緩和ケアのちょっとタメになる話Vol.10。
今回はオピオイドの精神依存の話。
オピオイドの勉強を続けていると必ず「依存」と「耐性」という言葉が出てくる。
「耐性」に関してはオピオイドに関わらず様々な治療の場面でぶつかる問題だと思うのでオピオイドでも同様のイメージを持ってもらえればと思う。
じゃあ「依存」はどうだろう。
いわゆる“薬物依存”というもの。
有名なのは芸能人なんかが白い粉に手を出して逮捕されたりする麻薬中毒が一番わかりやすいかな。
そのイメージがあるから“医療用麻薬”に対しても同様の「依存」が起こる不安を抱く人は多い。
しかし医療用オピオイドは適切に使用すると「身体的依存」はほとんど起こらない。
これは適切に使用すれば“起こらない”と信じてもらってもいいぐらいだと思ってる。
じゃあ「精神的依存」はどうなのか。
そこが今回のテーマです。
968f7854a2af554fd56280ede7e2ab92-1残念ながらどれだけ適切にオピオイドを使用しても「精神的依存」は完全に防ぐことはできない。
予防することができないのであれば「精神的依存」が起こる可能性やその兆候、実際に精神的依存が疑われるときにどう対処するのかを知っておく必要がある。
「精神的依存」に陥る前段階に「ケミカルコーピング」という状況になる。
“ケミカル”=“化学物質”
“コーピング”=“ストレスなどへの対処”
つまり“オピオイド”という薬(化学物質)を使ってストレスへ対処しようとしているという状況。
この状況は本来の目的である“痛み”ではなく“ストレス”に対処するためにオピオイドを使っているということが問題となる。
もし痛みが軽減されているのにストレス軽減のためにオピオイドを使っているとなると精神的依存だけではなく「身体的依存」にも発展する。

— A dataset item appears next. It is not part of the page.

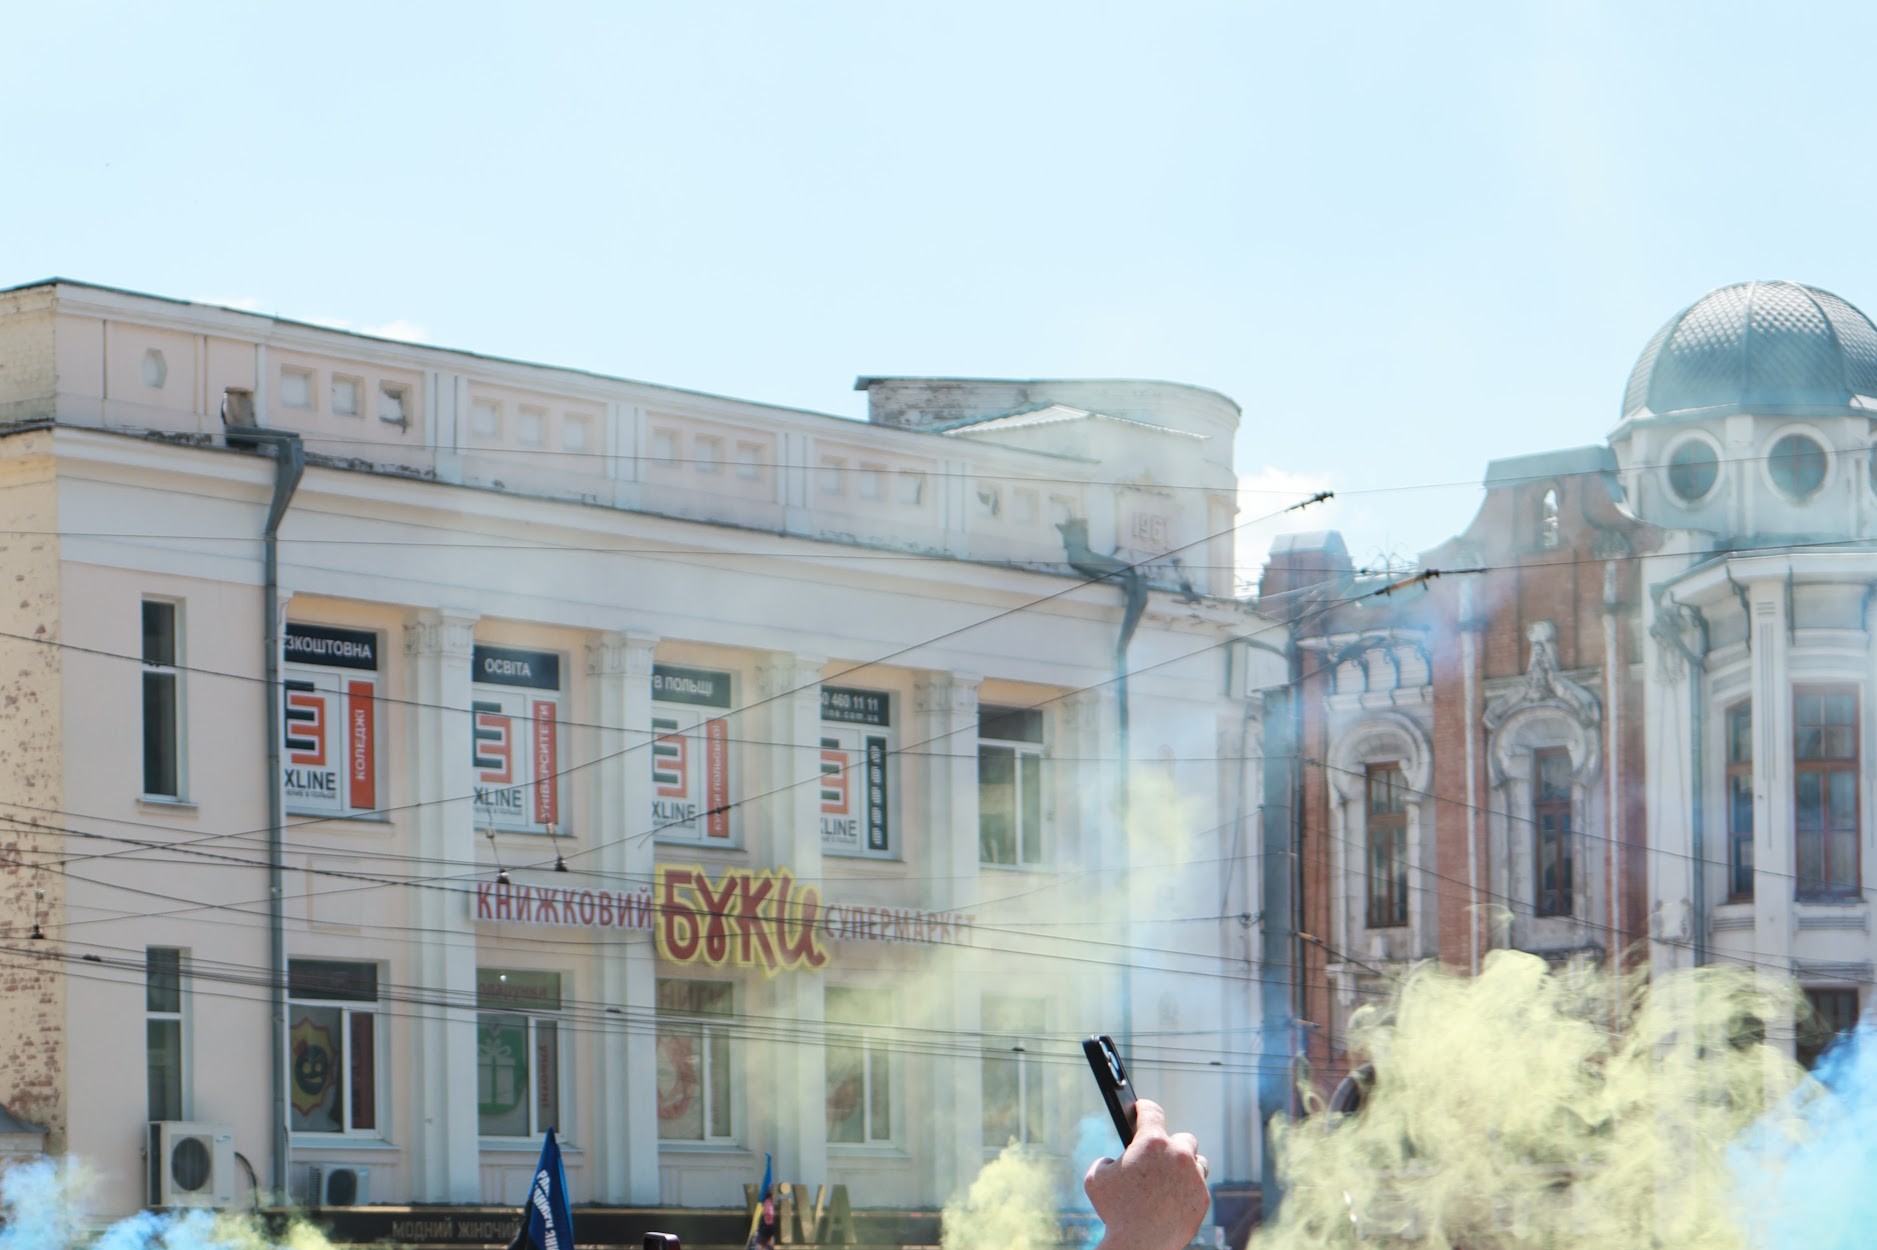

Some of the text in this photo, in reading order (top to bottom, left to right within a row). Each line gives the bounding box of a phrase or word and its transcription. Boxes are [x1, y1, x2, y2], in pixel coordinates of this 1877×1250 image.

[484, 658, 532, 678] ОСВІТА
[477, 881, 651, 930] КНИЖКОВИЙ
[391, 1215, 452, 1242] МОДНИЙ

そのため、もしケミカルコーピングが疑われる状況になれば早急に対処する必要がある。
ケミカルコーピングが疑われる状況というのは具体的には頻回(医療者の想定以上)のオピオイドレスキューが使用される(希望している)ような状況である。
まず最優先なのは適切な痛みの評価である。
頻回のレスキューは疼痛緩和が不足しているサインでもあるので痛みを評価してベースアップを行うなど対処方法を検討する必要がある。
痛みの評価を行い、ベースアップや薬剤変更など可能な対処を行った。
それでもレスキューが減らない場合。
ケミカルコーピングの可能性を考える。
ケミカルコーピングへの対処は抽象的な表現になってしまうが
「患者の抱える『心のつらさ』に焦点をおいて対処する」である。
これは明確な答えがないため時間がかかる。
患者と丁寧に向き合いながらコミュニケーションを図るのが最善の方法となる。
くりかえしになるがケミカルコーピングを疑うのは必ず“痛みの適切な評価”やその対応をしてからである。
最初からケミカルコーピングを疑ってしまうと疼痛緩和が不十分な場合を見逃してしまう可能性があり、患者にとっては最も耐え難い状況となってしまう。
見逃してしまうような状況を「偽依存」という。
適切な痛みの評価をすることによって「偽依存」でないことを確認した上で対処するのが大切である。
“ケミカルコーピング”や“精神的依存”は判断に難しい状況ではあるが「くり返しのレスキュー希望に困る場面」はそれなりに遭遇すると思うので頭の片隅にこういう言葉もあったなって覚えておいてもらえればと思う。